DATA SUPPLIED =>
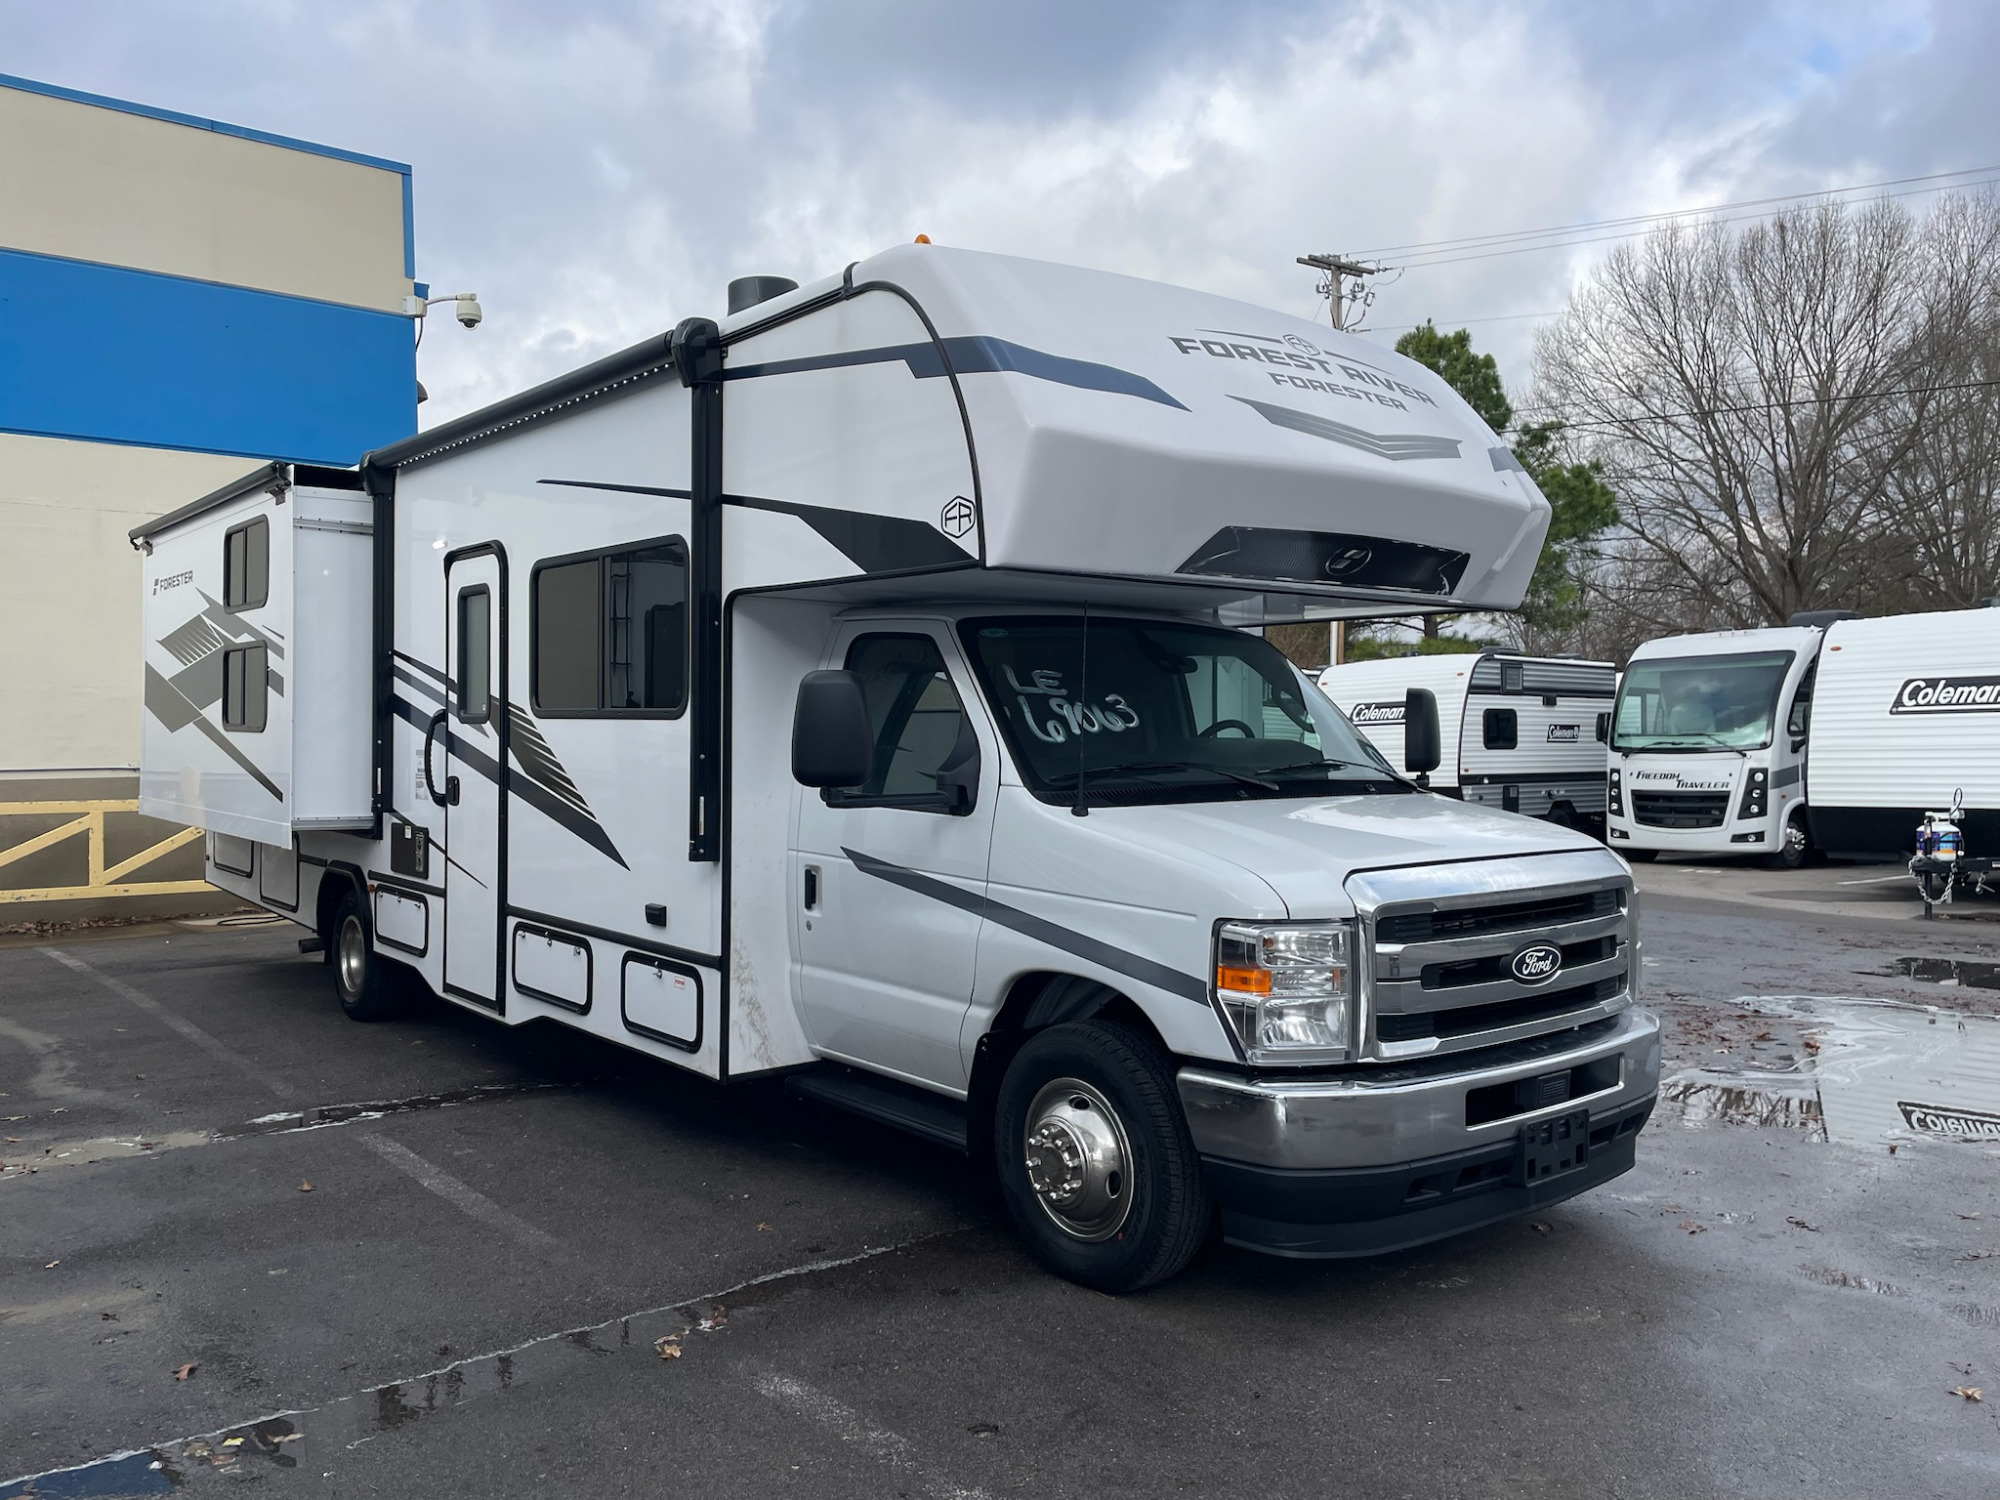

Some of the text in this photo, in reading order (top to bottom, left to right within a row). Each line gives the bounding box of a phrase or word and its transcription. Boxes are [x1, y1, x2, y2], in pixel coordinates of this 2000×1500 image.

[1168, 336, 1440, 409] FOREST RIVER
[1267, 372, 1410, 412] FORESTER
[160, 570, 194, 591] FORESTER
[1001, 663, 1069, 696] LE
[1352, 703, 1406, 722] Coleman
[1522, 951, 1553, 975] Ford
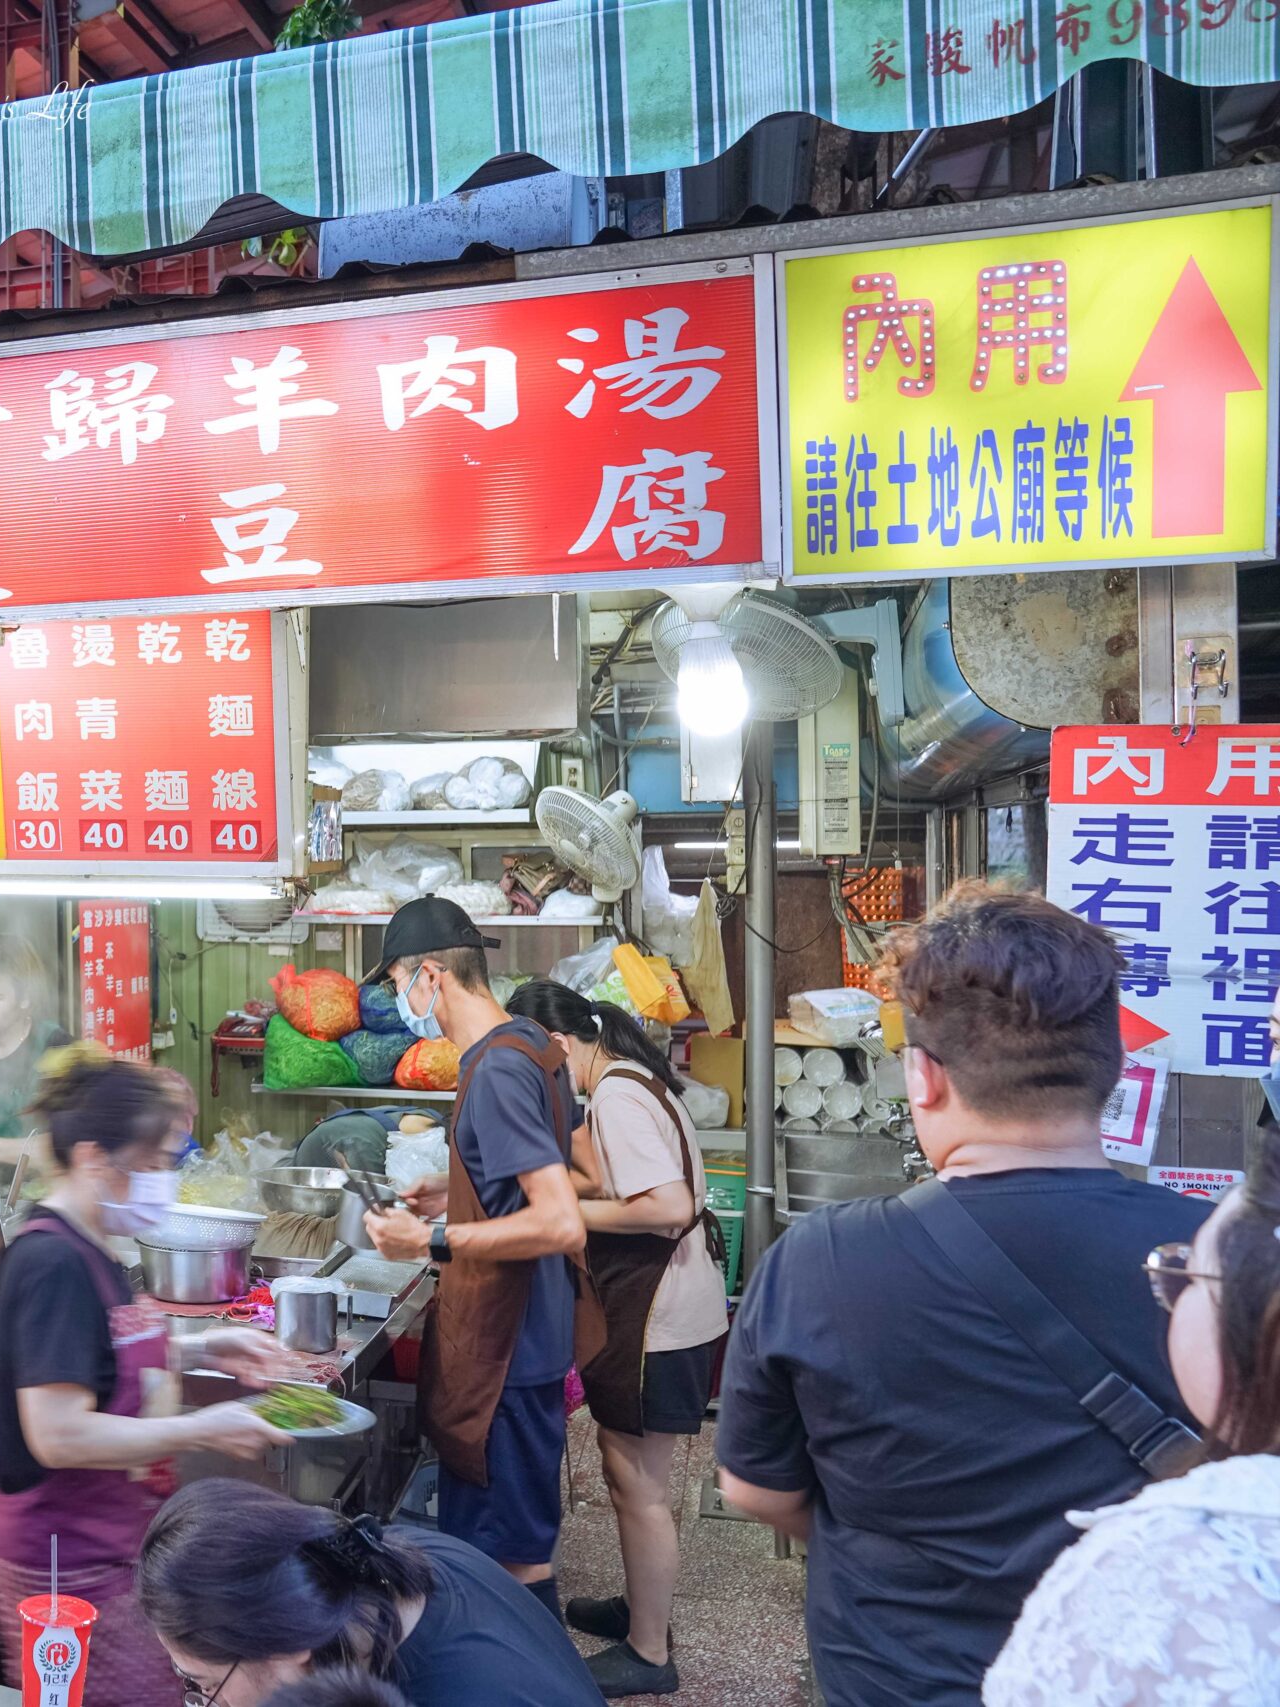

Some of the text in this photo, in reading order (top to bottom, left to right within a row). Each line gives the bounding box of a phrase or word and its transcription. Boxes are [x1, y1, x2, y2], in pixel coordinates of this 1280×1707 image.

[805, 415, 1133, 555] 請往土地公廟等候
[8, 627, 60, 850] 魯肉飯 30
[71, 623, 125, 850] 燙青菜 40
[135, 620, 191, 852] 乾麵 40
[204, 617, 259, 851] 乾麵線 40
[1072, 736, 1280, 797] 內用
[1164, 1181, 1179, 1189] NO
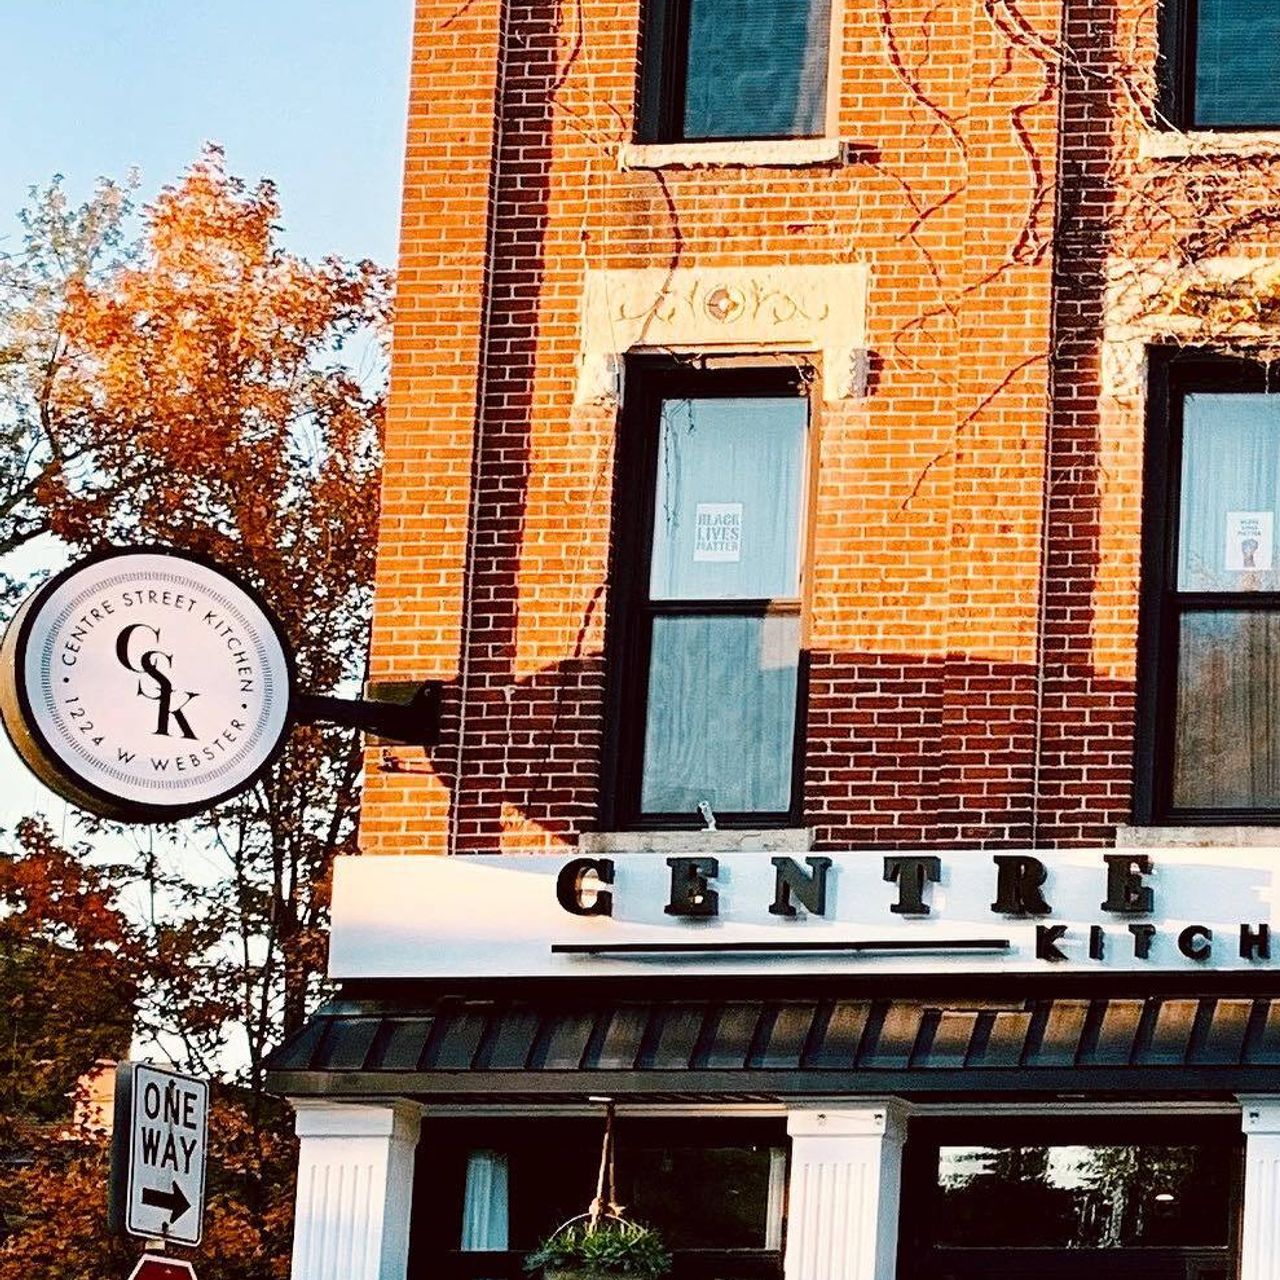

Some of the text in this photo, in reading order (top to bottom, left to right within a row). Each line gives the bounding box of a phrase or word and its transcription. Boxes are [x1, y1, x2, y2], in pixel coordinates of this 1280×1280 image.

[695, 541, 739, 552] MATTER
[697, 526, 739, 541] LIVES
[61, 590, 254, 694] CENTRE STREET KITCHEN
[64, 696, 247, 772] 1224 W WEBSTER
[556, 853, 1156, 919] CENTRE
[144, 1081, 198, 1131] ONE
[141, 1126, 198, 1175] WAY
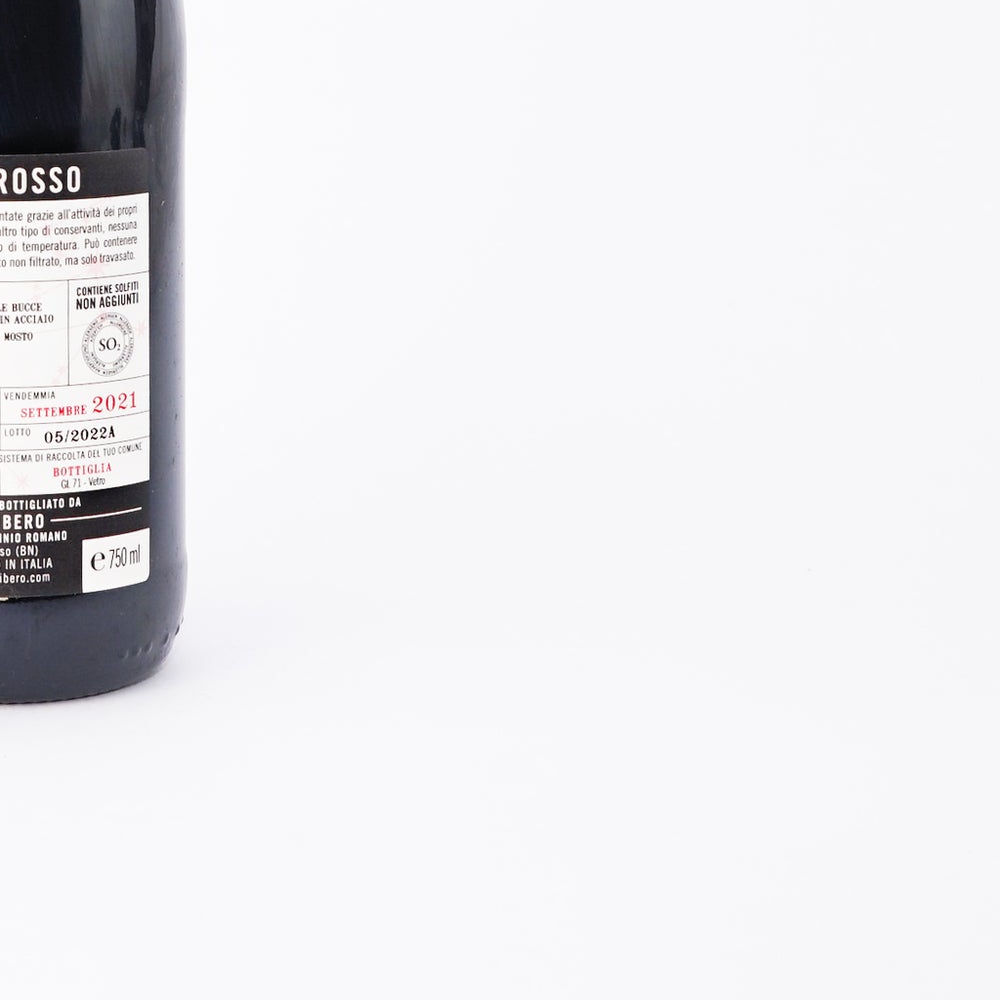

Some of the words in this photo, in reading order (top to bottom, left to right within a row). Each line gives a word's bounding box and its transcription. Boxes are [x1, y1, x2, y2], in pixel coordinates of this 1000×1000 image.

TASK DESCRIPTION => Please set the records down again exactly as written. The pictures should not be included.

RESULT OF THIS EXERCISE =>
Some of the text in this photo, in reading order (top to bottom, left to right within a row). Each line gives the bounding box of a phrase or word and its transcription. Boxes are [x1, y1, x2, y2], in pixel coordinates of this 2000×1500 image.

[1168, 336, 1440, 409] FOREST RIVER
[1267, 372, 1410, 412] FORESTER
[160, 570, 194, 591] FORESTER
[1001, 663, 1069, 696] LE
[1352, 703, 1406, 722] Coleman
[1522, 951, 1553, 975] Ford

Some of the text in this photo, in reading order (top to bottom, left to right within a row). Each line gives the bounding box of a phrase or word and its transcription. Boxes are [x1, y1, x2, y2], in pixel coordinates of this 1280×1707 image.

[805, 415, 1133, 555] 請往土地公廟等候
[8, 627, 60, 850] 魯肉飯 30
[71, 623, 125, 850] 燙青菜 40
[135, 620, 191, 852] 乾麵 40
[204, 617, 259, 851] 乾麵線 40
[1072, 736, 1280, 797] 內用
[1164, 1181, 1179, 1189] NO

Some of the text in this photo, in reading order (top to bottom, left to right within a row). Each line gives the bounding box of a phrase or word and its transcription. Boxes are [x1, y1, x2, y2], in pixel coordinates of this 1280×1280 image.

[695, 541, 739, 552] MATTER
[697, 526, 739, 541] LIVES
[61, 590, 254, 694] CENTRE STREET KITCHEN
[64, 696, 247, 772] 1224 W WEBSTER
[556, 853, 1156, 919] CENTRE
[144, 1081, 198, 1131] ONE
[141, 1126, 198, 1175] WAY

Some of the words in this photo, in reading order (top to bottom, left to right within a row). Each line gives a word's bounding box and its transcription. Boxes are [x1, y1, x2, y2], in pixel coordinates of this 1000×1000 image.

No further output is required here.